━━ Listed records ━━
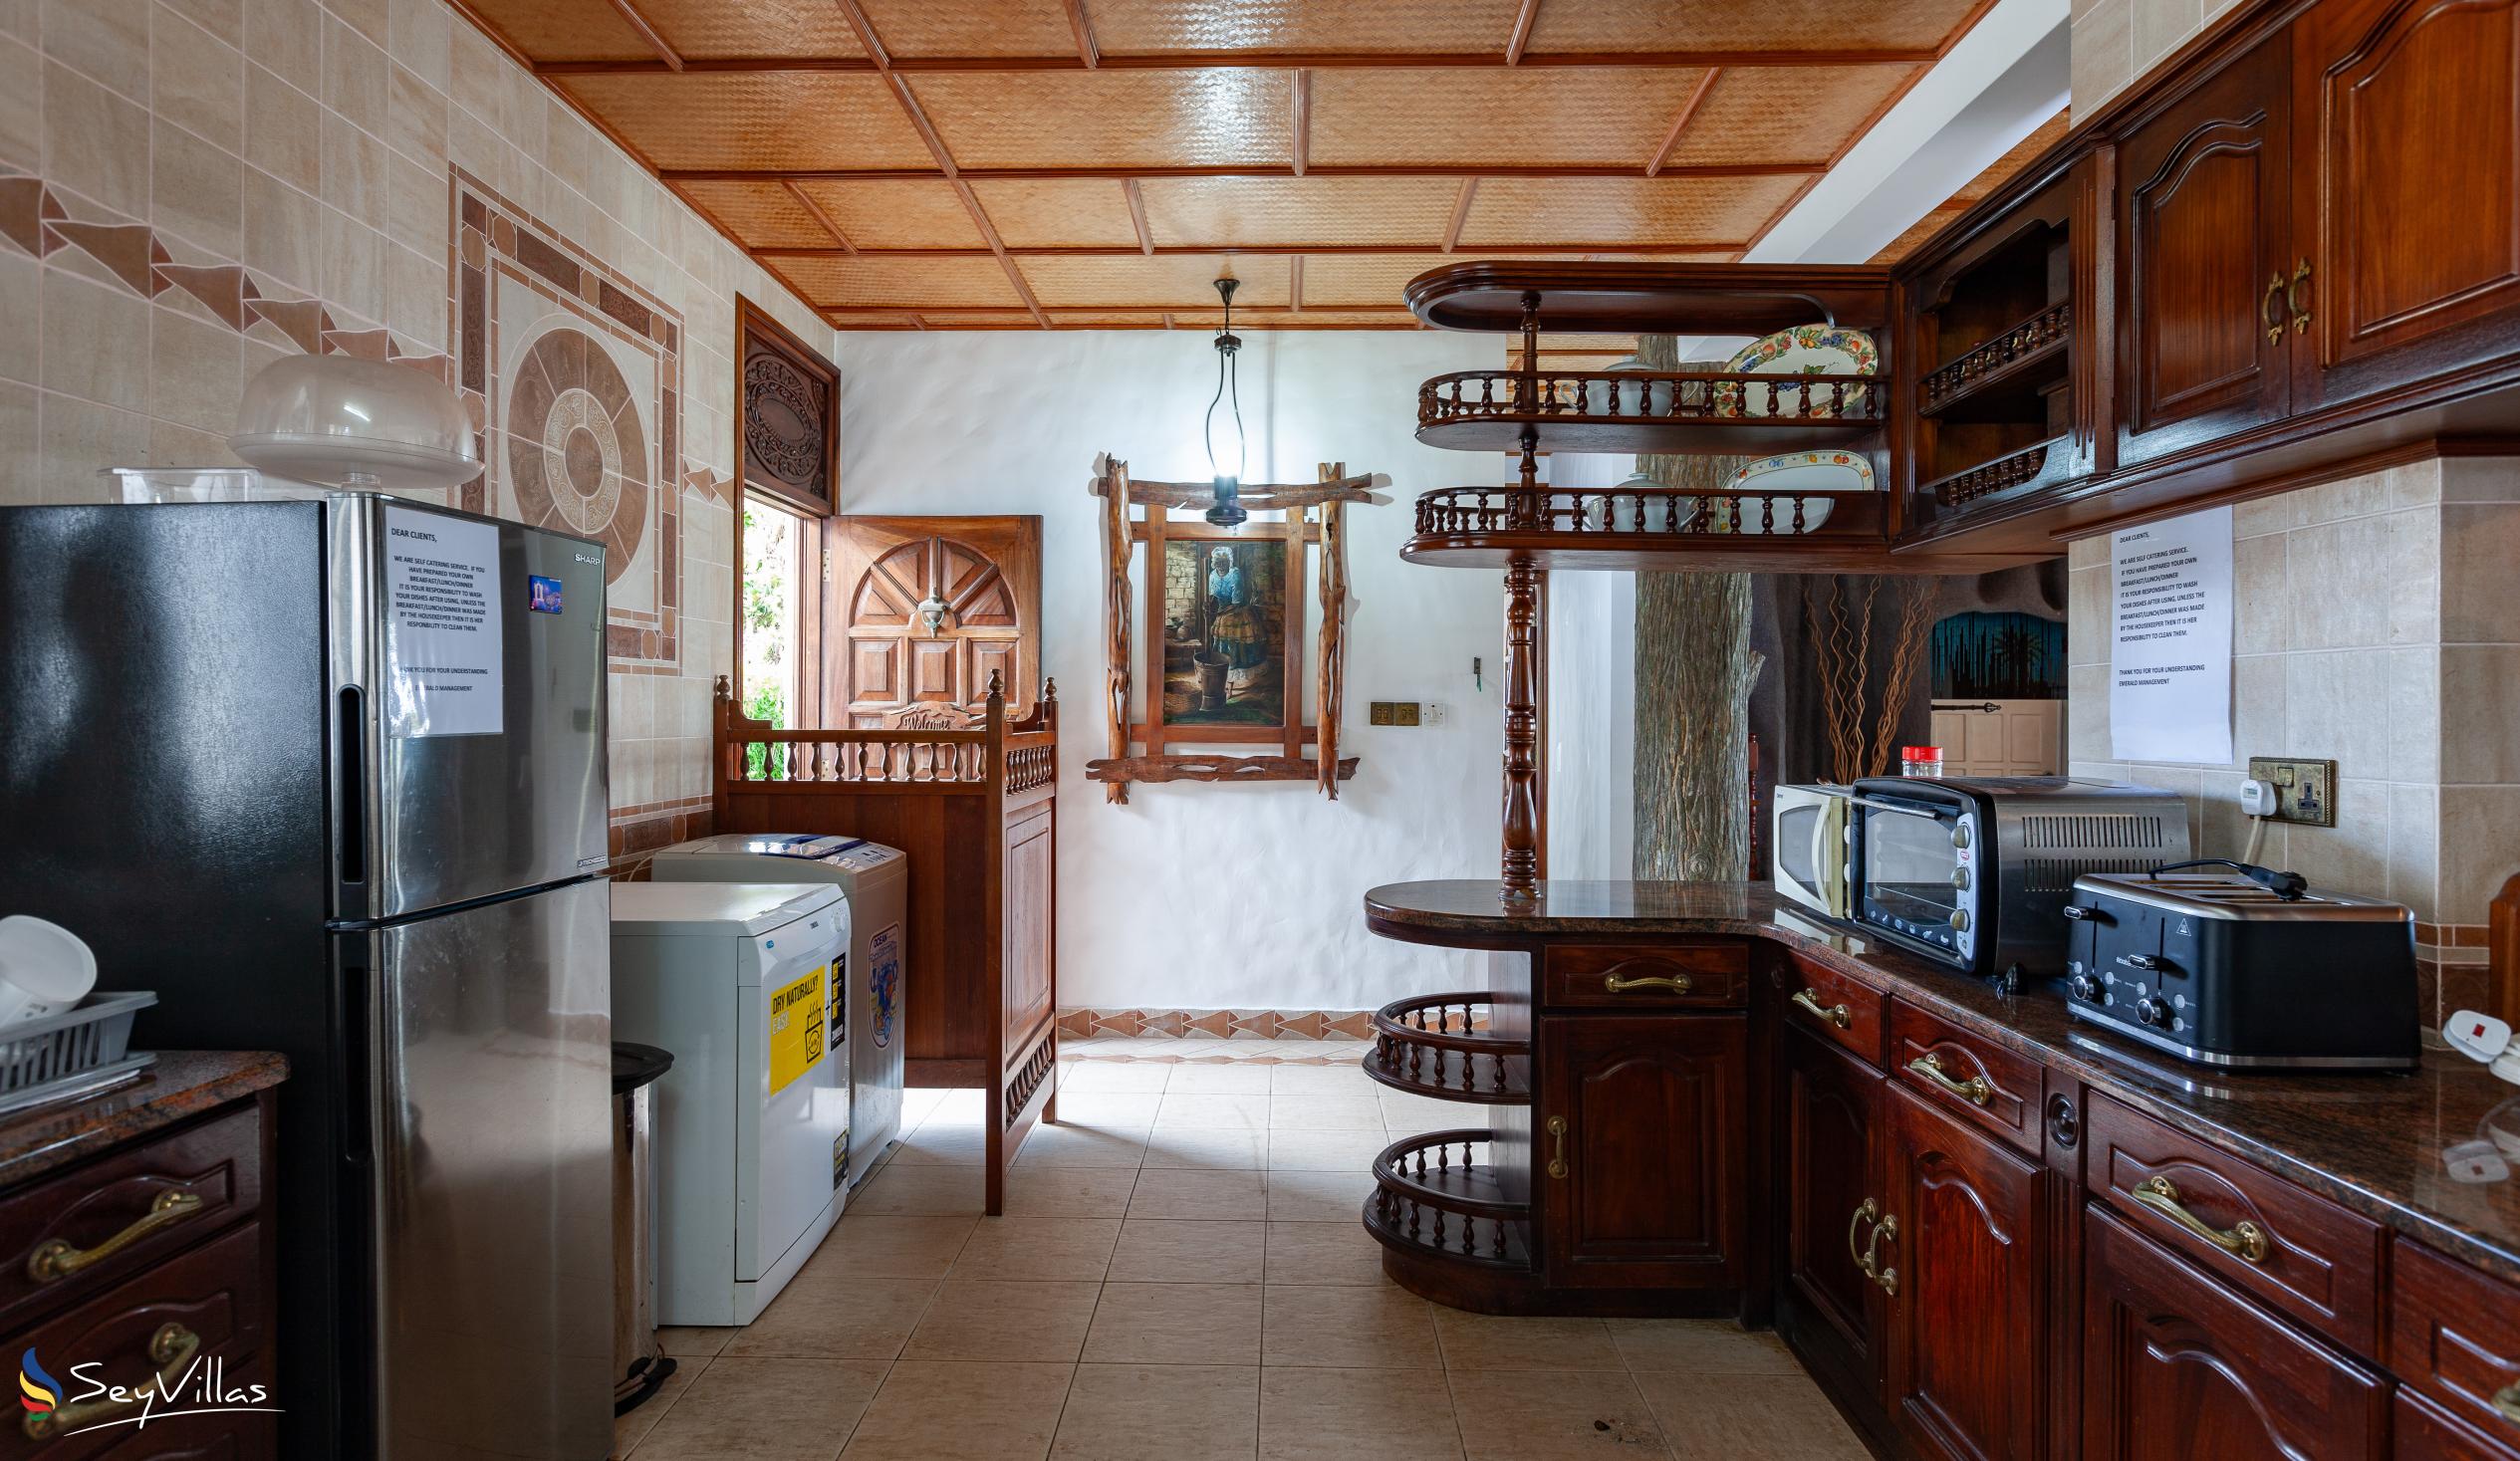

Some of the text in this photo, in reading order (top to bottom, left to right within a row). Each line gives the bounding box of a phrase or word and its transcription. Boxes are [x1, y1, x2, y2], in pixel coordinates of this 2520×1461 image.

[391, 528, 437, 542] DEAR CLIENTS,
[2132, 532, 2150, 540] CLIENTS,
[575, 553, 600, 565] SHARP
[2146, 551, 2168, 560] CATERING
[426, 560, 449, 568] CATERING
[2148, 561, 2170, 571] PREPARED
[423, 568, 447, 576] PREPARED
[409, 576, 473, 588] BREAKFAST/LUNCH/DINNER
[2121, 572, 2179, 587] BREAKFAST/LUNCH/DINNER
[426, 587, 461, 595] RESPONSIBILITY
[2142, 584, 2174, 595] RESPONSIBILITY
[396, 602, 461, 613] BREAKFAST/LUNCH/DINNER
[2120, 608, 2177, 620] BREAKFAST/LUNCH/DINNER
[2135, 620, 2164, 630] HOUSEKEEPER
[2120, 634, 2151, 642] RESPONSIBILITY
[2165, 664, 2205, 673] UNDERSTANDING
[904, 713, 951, 730] Welcome
[773, 993, 785, 1015] DRY
[786, 975, 818, 1007] NATURALLY?
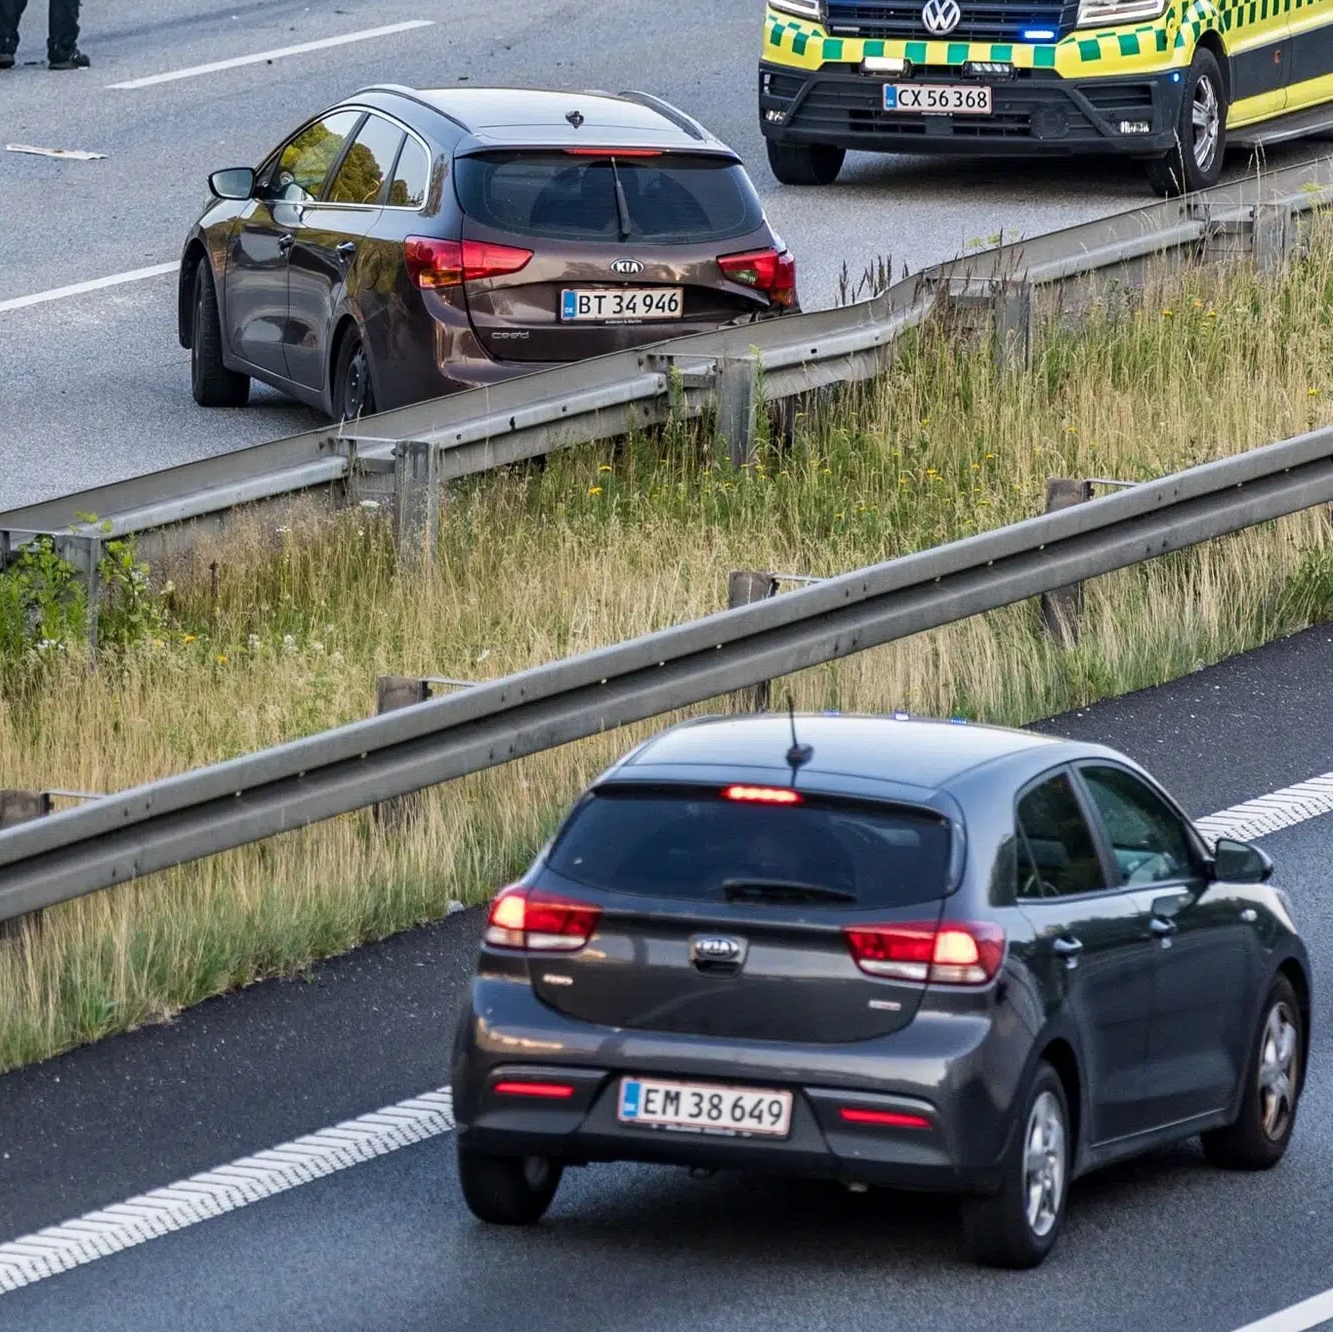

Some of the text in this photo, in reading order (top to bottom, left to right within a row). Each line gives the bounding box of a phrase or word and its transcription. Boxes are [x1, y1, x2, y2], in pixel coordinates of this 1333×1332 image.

[898, 89, 921, 107] CX
[927, 90, 949, 107] 56
[953, 91, 987, 108] 368
[616, 262, 639, 273] KIA
[579, 293, 679, 315] BT 34 946
[644, 1088, 783, 1126] EM 38 649
━━━
Problem:
Would you give the entries above again verbatim, omitting the images they contain?

Task answer:
Some of the text in this photo, in reading order (top to bottom, left to right within a row). Each line gives the bounding box of a phrase or word and its transcription. Boxes are [x1, y1, x2, y2], in pixel coordinates of this 2520×1461 image.

[391, 528, 437, 542] DEAR CLIENTS,
[2132, 532, 2150, 540] CLIENTS,
[575, 553, 600, 565] SHARP
[2146, 551, 2168, 560] CATERING
[426, 560, 449, 568] CATERING
[2148, 561, 2170, 571] PREPARED
[423, 568, 447, 576] PREPARED
[409, 576, 473, 588] BREAKFAST/LUNCH/DINNER
[2121, 572, 2179, 587] BREAKFAST/LUNCH/DINNER
[426, 587, 461, 595] RESPONSIBILITY
[2142, 584, 2174, 595] RESPONSIBILITY
[396, 602, 461, 613] BREAKFAST/LUNCH/DINNER
[2120, 608, 2177, 620] BREAKFAST/LUNCH/DINNER
[2135, 620, 2164, 630] HOUSEKEEPER
[2120, 634, 2151, 642] RESPONSIBILITY
[2165, 664, 2205, 673] UNDERSTANDING
[904, 713, 951, 730] Welcome
[773, 993, 785, 1015] DRY
[786, 975, 818, 1007] NATURALLY?

Some of the text in this photo, in reading order (top to bottom, left to right within a row). Each line gives the bounding box of a phrase or word and its transcription. Boxes are [x1, y1, x2, y2], in pixel coordinates of this 1333×1332 image.

[898, 89, 921, 107] CX
[927, 90, 949, 107] 56
[953, 91, 987, 108] 368
[616, 262, 639, 273] KIA
[579, 293, 679, 315] BT 34 946
[644, 1088, 783, 1126] EM 38 649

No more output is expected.